Sons of Sam: What The Netflix Documentary Leaves Out About David Berkowitz

In The Killer Speaks, Berkowitz acknowledges the myths surrounding him. For example, he claims that he never told police “What took you so long?” after his arrest and even enlisted Terry for confirmation. Many documentaries highlight Berkowitz’s “Mona Lisa Smile” after being captured, but he claims that it was just the result of his nerves: “I was embarrassed, and I was afraid.” As a born-again Christian, it’s certainly possible that the killer may be trying to change his image, but his statements do indeed align with various commentaries provided by serial killer psychiatrist Dorothy Otnow in the HBO documentary Crazy, Not Insane. Where the general public saw pure evil when Berkowitz appeared on late-’70s news broadcasts, the journalist Terry saw an opportunity to look beyond the facade in order to identify the facts.

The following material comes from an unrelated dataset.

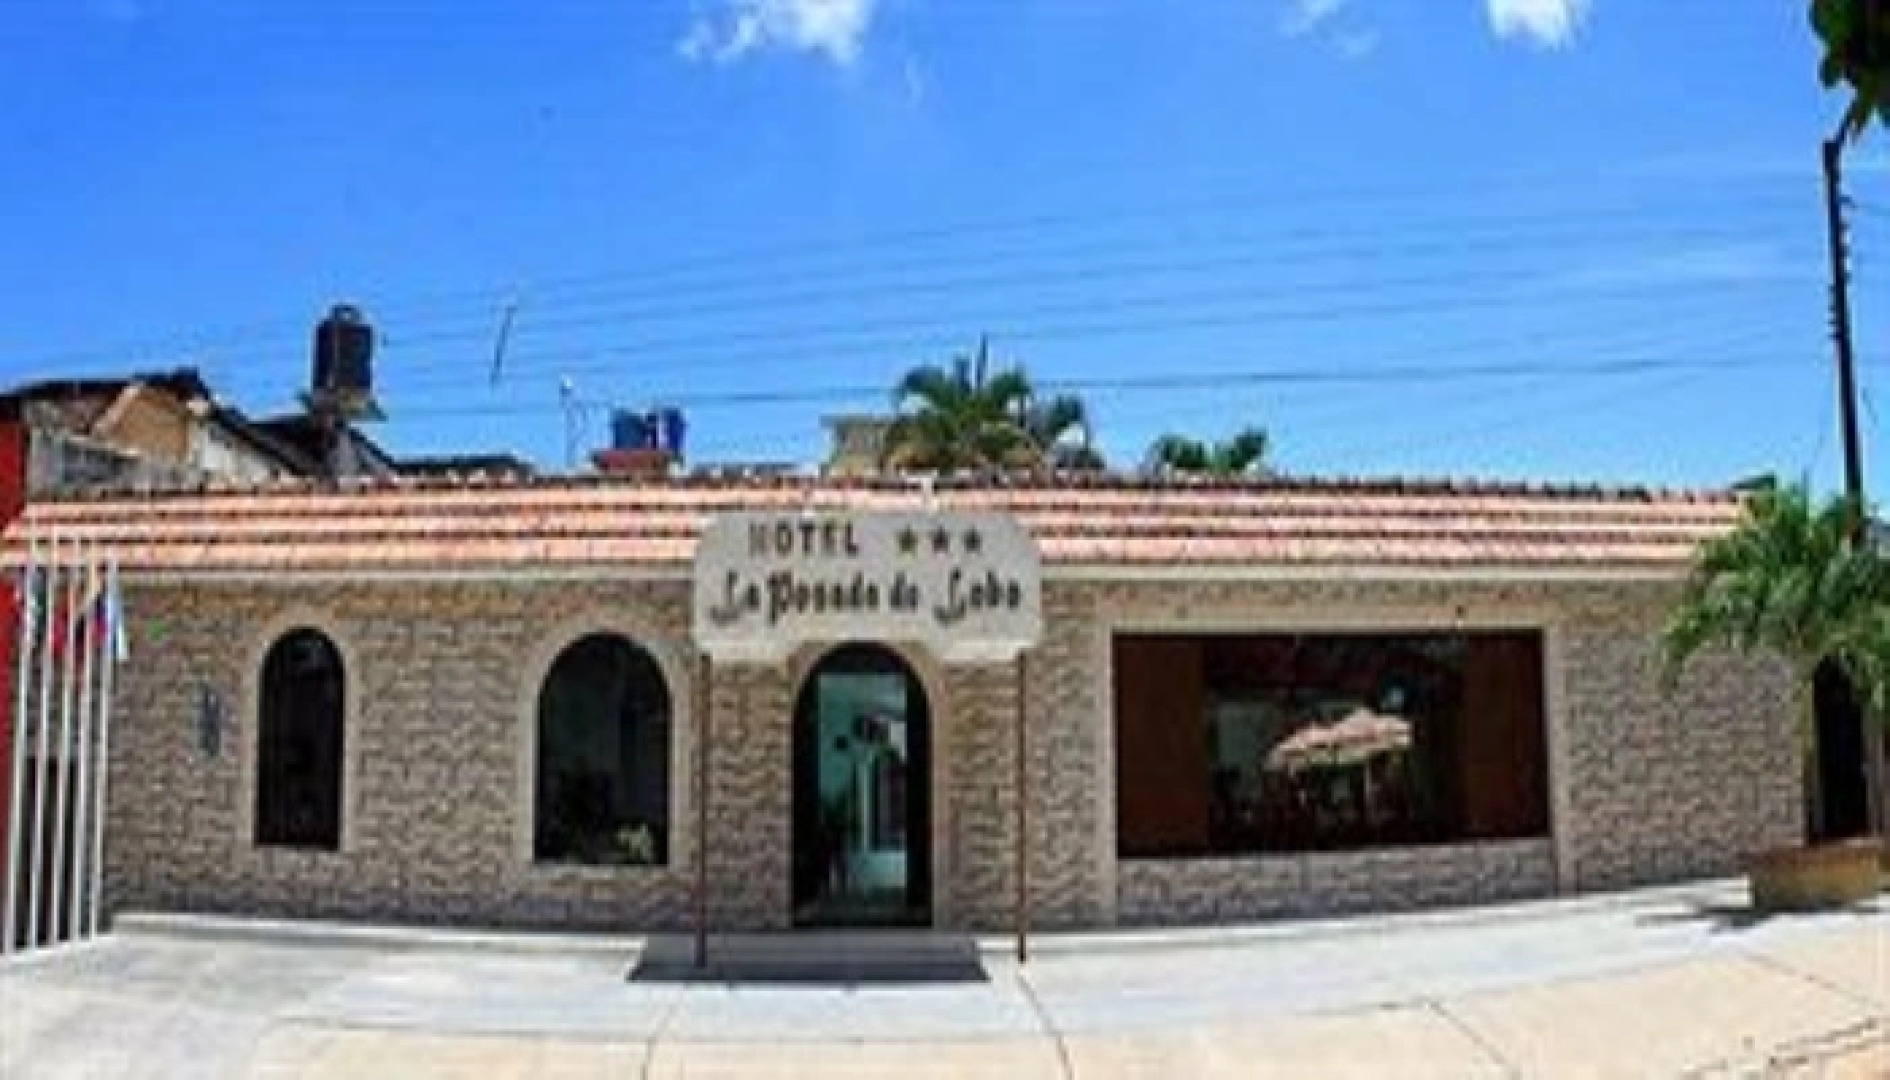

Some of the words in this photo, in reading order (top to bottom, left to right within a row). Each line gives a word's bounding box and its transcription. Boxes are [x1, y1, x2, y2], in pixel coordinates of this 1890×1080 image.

Terry became majorly obsessed with Berkowitz’s case, which negatively affected his journalistic integrity, however. In The Killer Speaks, Berkowitz fondly recalls his late “friend” who helped him connect with the mother of a victim named Stacy Moskowitz. If the two men were indeed tight over the years, one must wonder how much the Son of Sam killer influenced Terry’s narrative. His statements about his unique upbringing suggest that he viewed Terry as a father figure, one that he wanted to please. The Sons of Sam offers little insight into the psychological trauma that Berkowitz experienced as a child, but the 2017 CBS documentary includes a telling moment that presumably gets to the core of the killer’s life-long complex. As Berkowitz speaks lovingly about his adoptive parents and birth mother, he refuses to say anything of value about his birth father, Joe – the man who didn’t want him. According to the Son of Sam killer, his “death wish” began while still in his mother’s womb, the result of being rejected before his actual birth.